The stdio.h header contains various declarations for input/output (I/O) using an abstraction of I/O mechanisms called streams. For example there is an output stream object called stdout which is used to output text to the standard output, which usually displays the text on the computer screen.

If using angle brackets like the example above, the preprocessor is instructed to search for the include file along the development environment path for the standard includes.

#include "other.h"

If you use quotation marks (" "), the preprocessor is expected to search in some additional, usually user-defined, locations for the header file, and to fall back to the standard include paths only if it is not found in those additional locations. It is common for this form to include searching in the same directory as the file containing the #include directive.

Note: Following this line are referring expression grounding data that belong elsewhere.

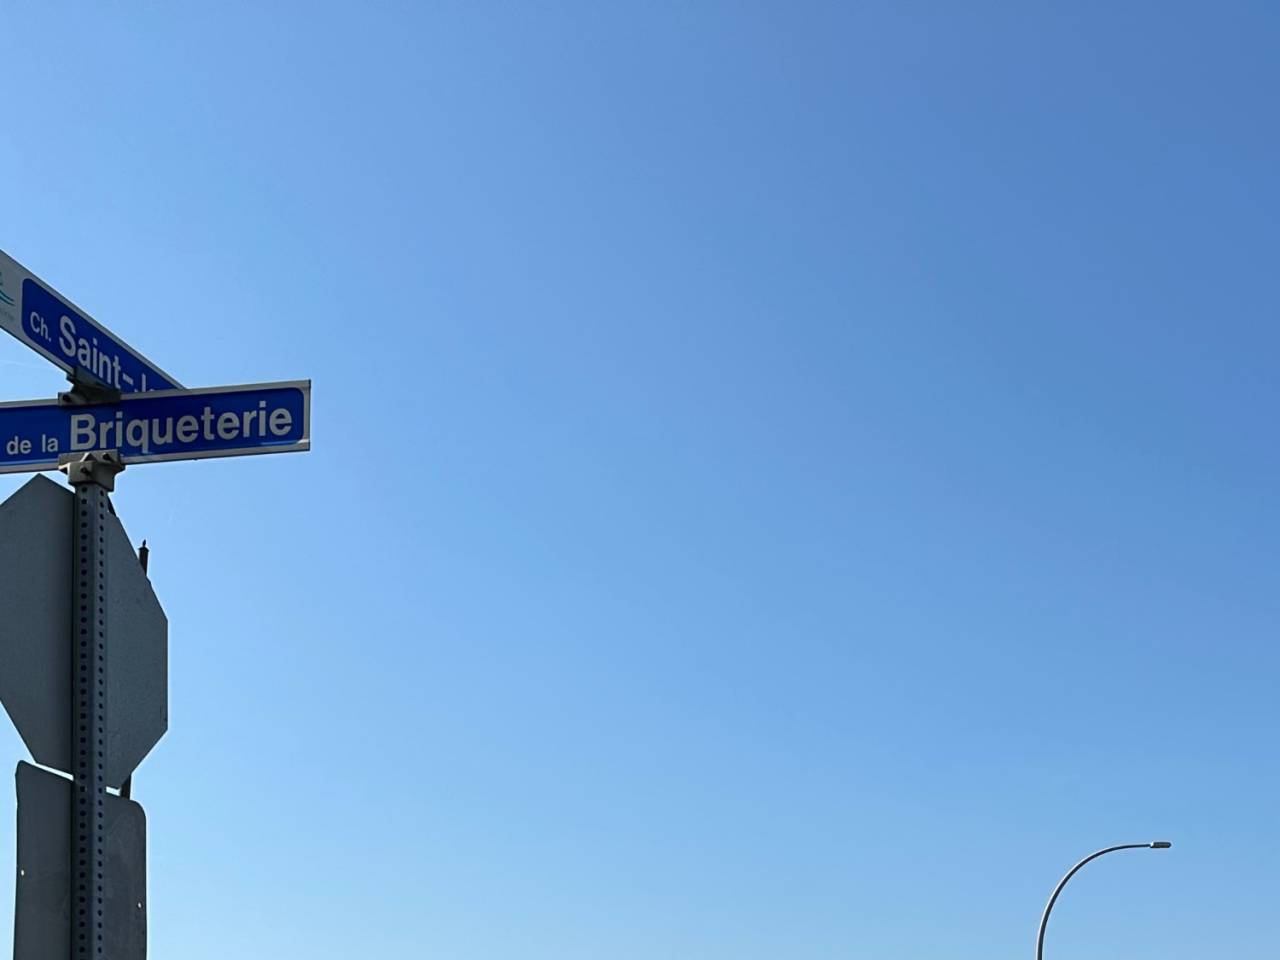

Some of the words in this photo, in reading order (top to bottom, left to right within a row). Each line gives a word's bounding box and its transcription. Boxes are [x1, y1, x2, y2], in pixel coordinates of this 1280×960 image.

[29, 311, 51, 342] Ch.
[58, 315, 156, 393] Saint-J
[6, 435, 32, 455] de
[41, 433, 59, 453] la
[69, 400, 293, 453] Briqueterie
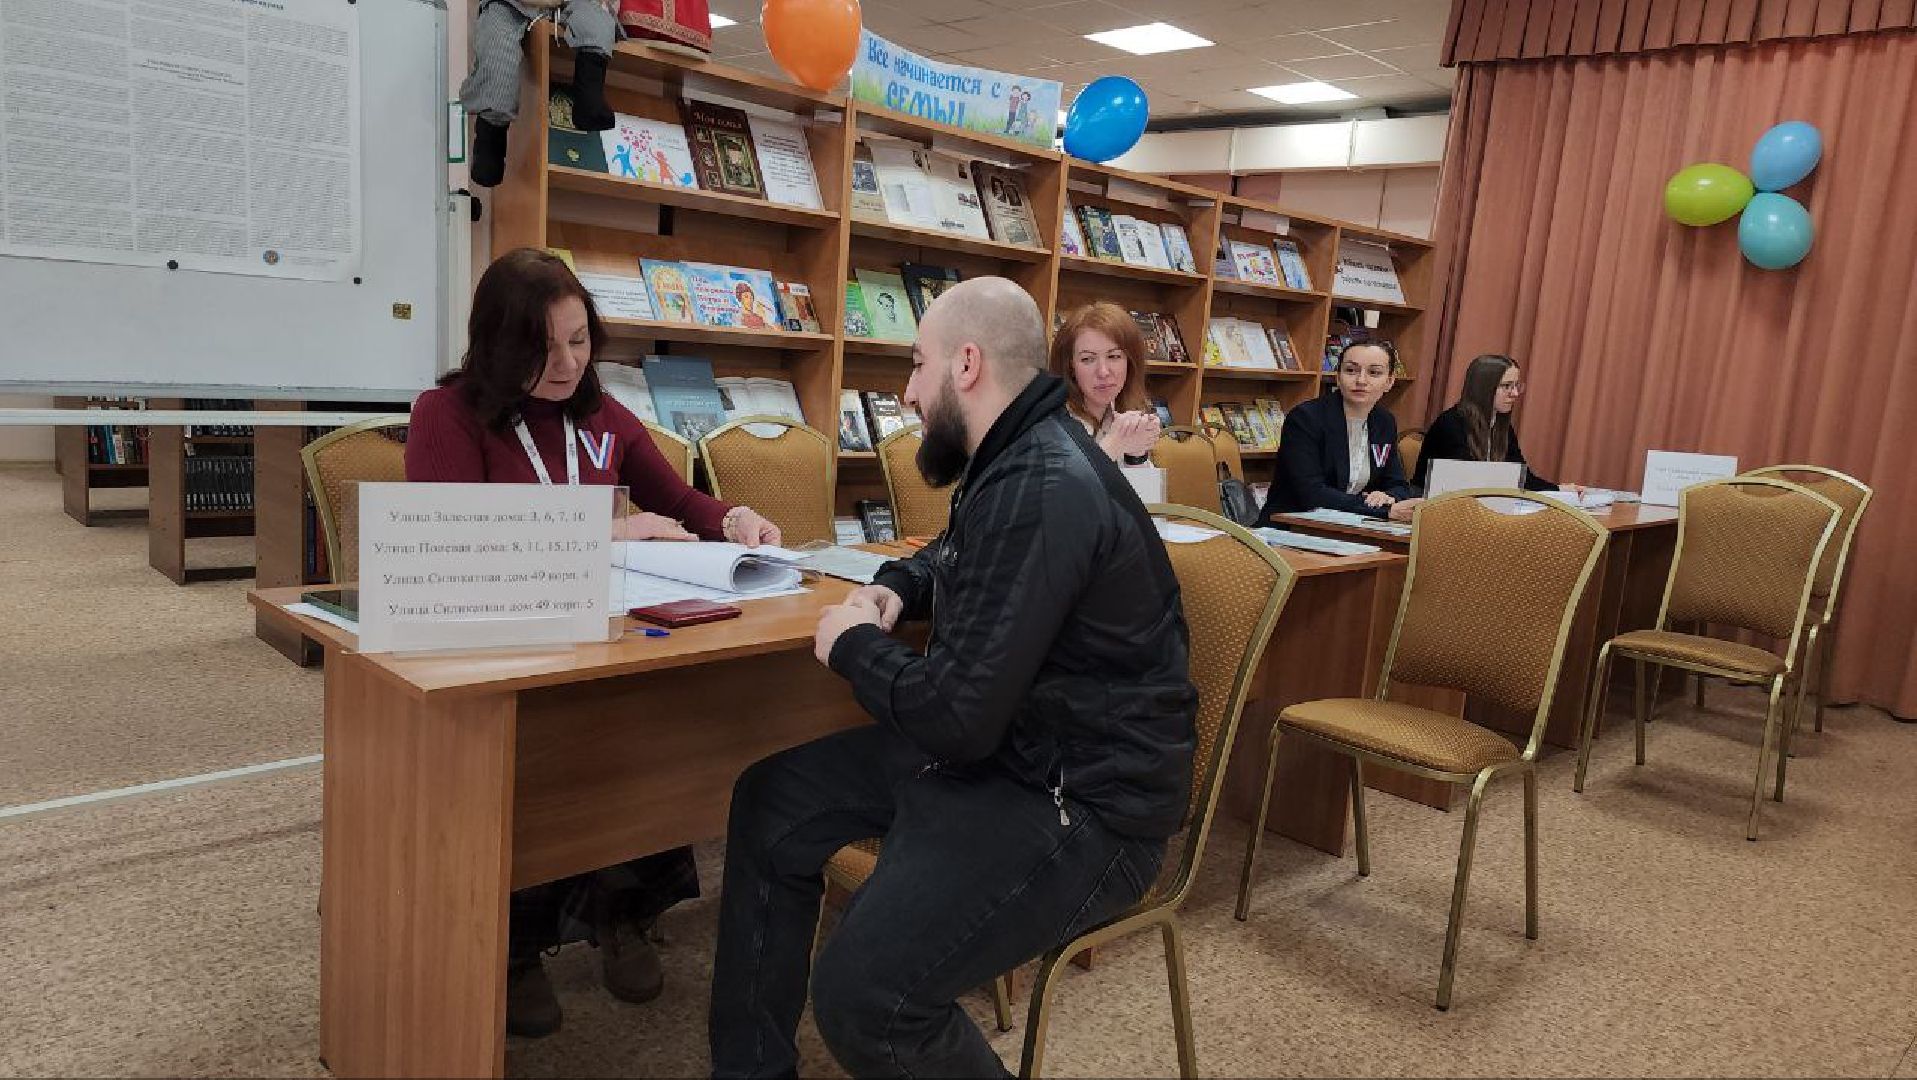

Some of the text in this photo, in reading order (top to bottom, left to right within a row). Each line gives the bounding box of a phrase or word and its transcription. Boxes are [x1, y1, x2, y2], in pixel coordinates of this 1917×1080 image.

[867, 37, 1001, 99] Все начинается с
[887, 81, 966, 128] СЕМЬИ
[389, 511, 430, 523] Улица
[433, 511, 489, 523] Залесная
[573, 511, 587, 523] 10
[374, 542, 415, 554] Улица
[419, 542, 471, 553] Полевая
[586, 540, 599, 551] 19
[383, 574, 424, 585] Улица
[427, 572, 501, 585] Силикатная
[504, 573, 528, 583] дом
[530, 570, 546, 580] 49
[389, 603, 429, 615] Улица
[433, 602, 505, 615] Силикатная
[535, 599, 550, 609] 49
[586, 598, 595, 610] 5

NOTE: You should check the documentation of the development environment you are using for any vendor specific implementations of the #include directive.

HeadersEdit

The C90 standard headers list:

Headers added since C90:

#pragmaEdit

The pragma (pragmatic information) directive is part of the standard, but the meaning of any pragma depends on the software implementation of the standard that is used. The #pragma directive provides a way to request special behavior from the compiler. This directive is most useful for programs that are unusually large or that need to take advantage of the capabilities of a particular compiler.

Pragmas are used within the source program.

#pragma token(s)
  1. pragma is usually followed by a single token, which represents a command for the compiler to obey. You should check the software implementation of the C standard you intend on using for a list of the supported tokens. Not surprisingly, the set of commands that can appear in #pragma directives is different for each compiler; you'll have to consult the documentation for your compiler to see which commands it allows and what those commands do.

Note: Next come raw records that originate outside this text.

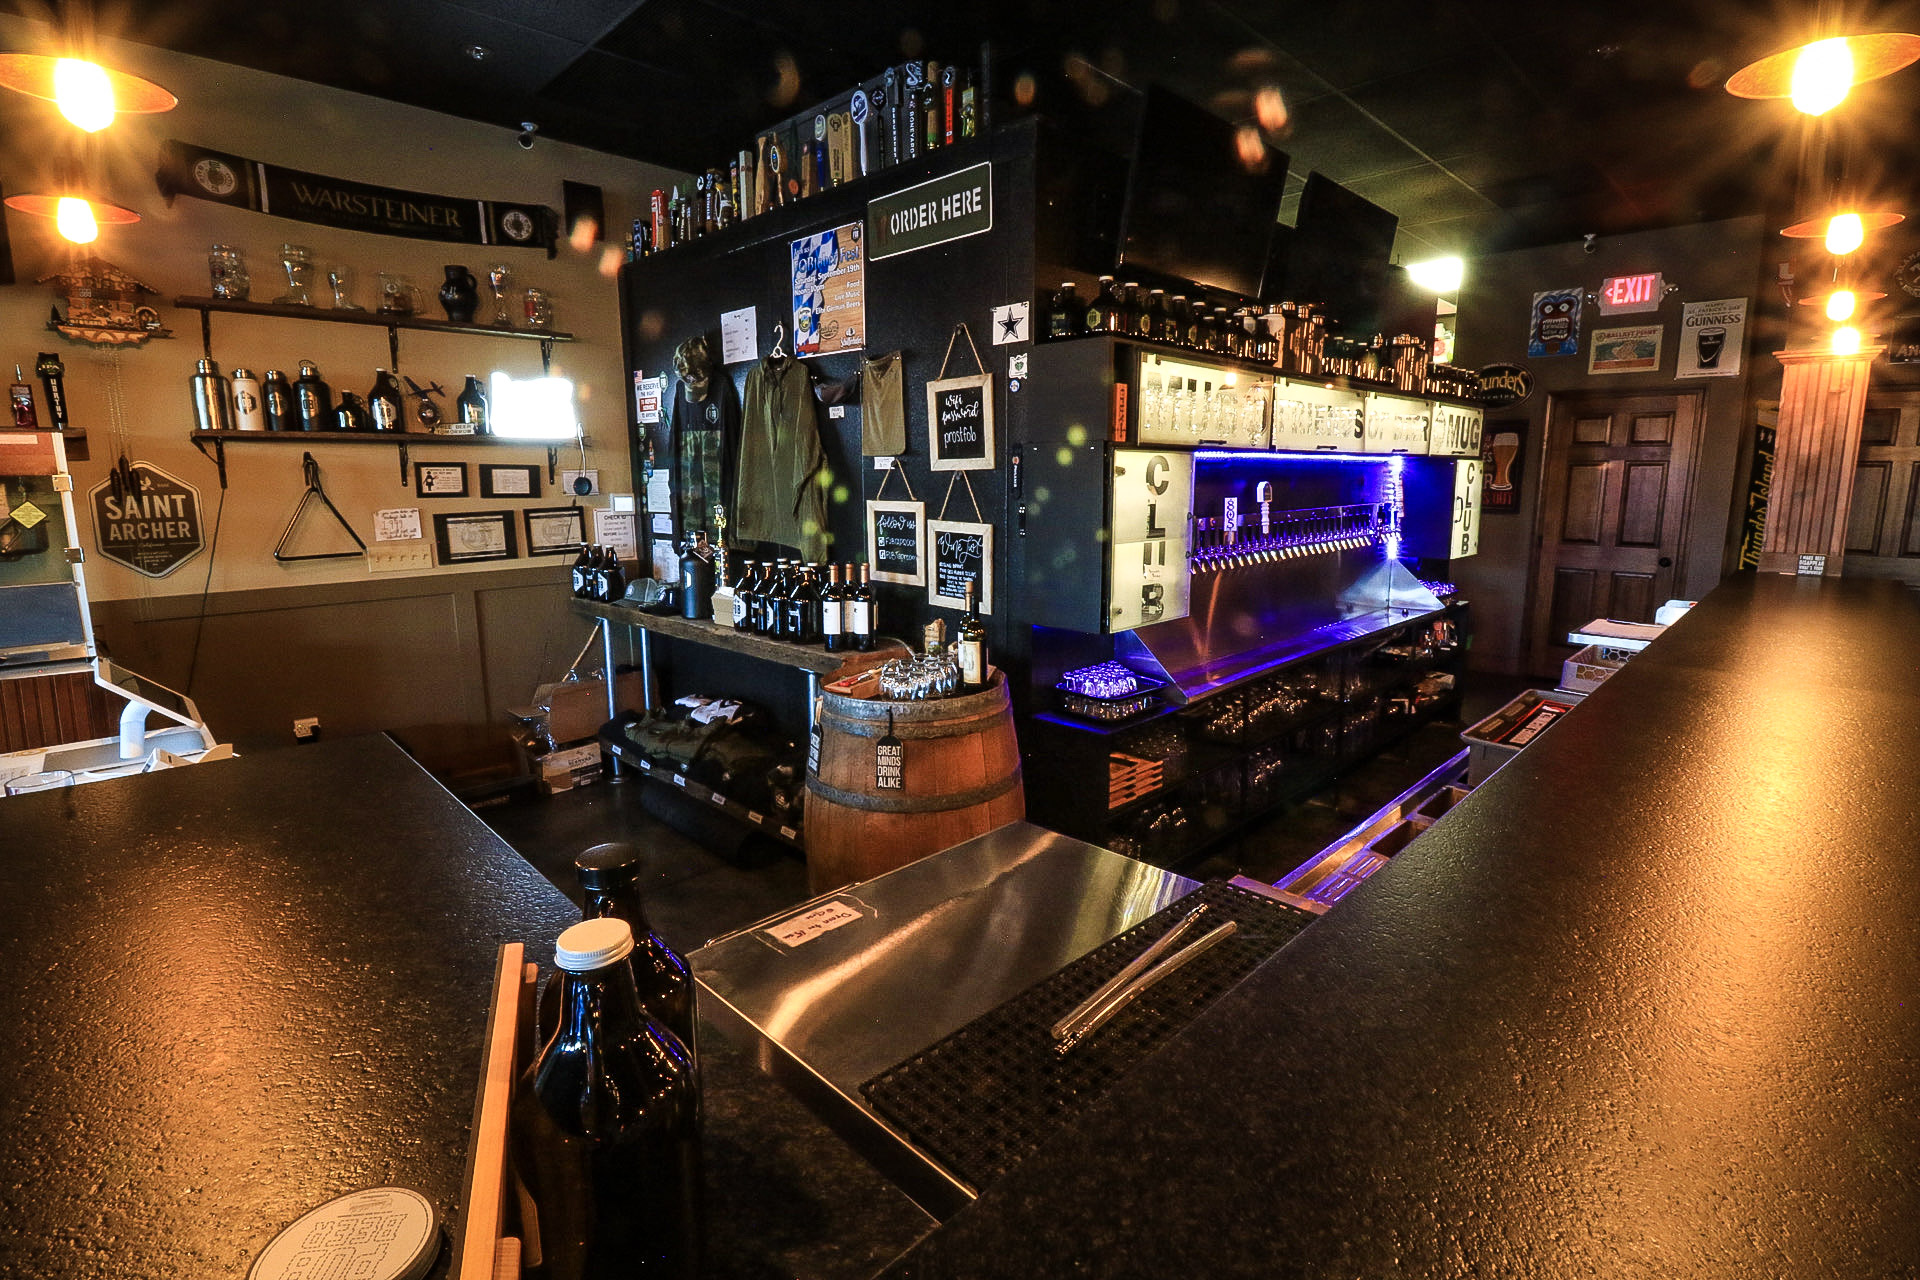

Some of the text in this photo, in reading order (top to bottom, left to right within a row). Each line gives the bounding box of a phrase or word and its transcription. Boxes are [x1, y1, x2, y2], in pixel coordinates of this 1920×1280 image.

[290, 181, 462, 228] WARSTEINER
[890, 186, 982, 236] ORDER HERE
[817, 266, 846, 281] September
[846, 263, 860, 273] 19th
[845, 290, 860, 299] Music
[846, 280, 860, 288] Food
[1612, 275, 1656, 304] EXIT
[826, 304, 845, 313] German
[846, 301, 860, 309] Beers
[1686, 313, 1741, 327] GUINNESS
[945, 394, 963, 409] wifi
[942, 401, 979, 425] password
[944, 425, 977, 448] prostfob
[1447, 413, 1480, 451] MUG
[104, 494, 186, 520] SAINT
[1461, 462, 1475, 555] CLUB
[109, 521, 192, 541] ARCHER
[877, 514, 906, 535] follow
[1738, 508, 1767, 571] Thunder
[877, 746, 901, 756] GREAT
[877, 756, 901, 766] MINDS
[877, 766, 901, 776] DRINK
[877, 777, 901, 788] ALIKE
[301, 1213, 408, 1250] BEER
[278, 1243, 390, 1280] PUB

For instance one of the most implemented preprocessor directives, #pragma once when placed at the beginning of a header file, indicates that the file where it resides will be skipped if included several times by the preprocessor.

NOTE: Other methods exist to do this action that is commonly referred as using include guards.



#defineEdit

WARNING: Preprocessor macros, although tempting, can produce quite unexpected results if not done right. Always keep in mind that macros are textual substitutions done to your source code before anything is compiled. The compiler does not know anything about the macros and never gets to see them. This can produce obscure errors, amongst other negative effects. Prefer to use language features, if there are equivalent (In example use const int or enum instead of #defined constants).

That said, there are cases, where macros are very useful (see the debug macro below for an example).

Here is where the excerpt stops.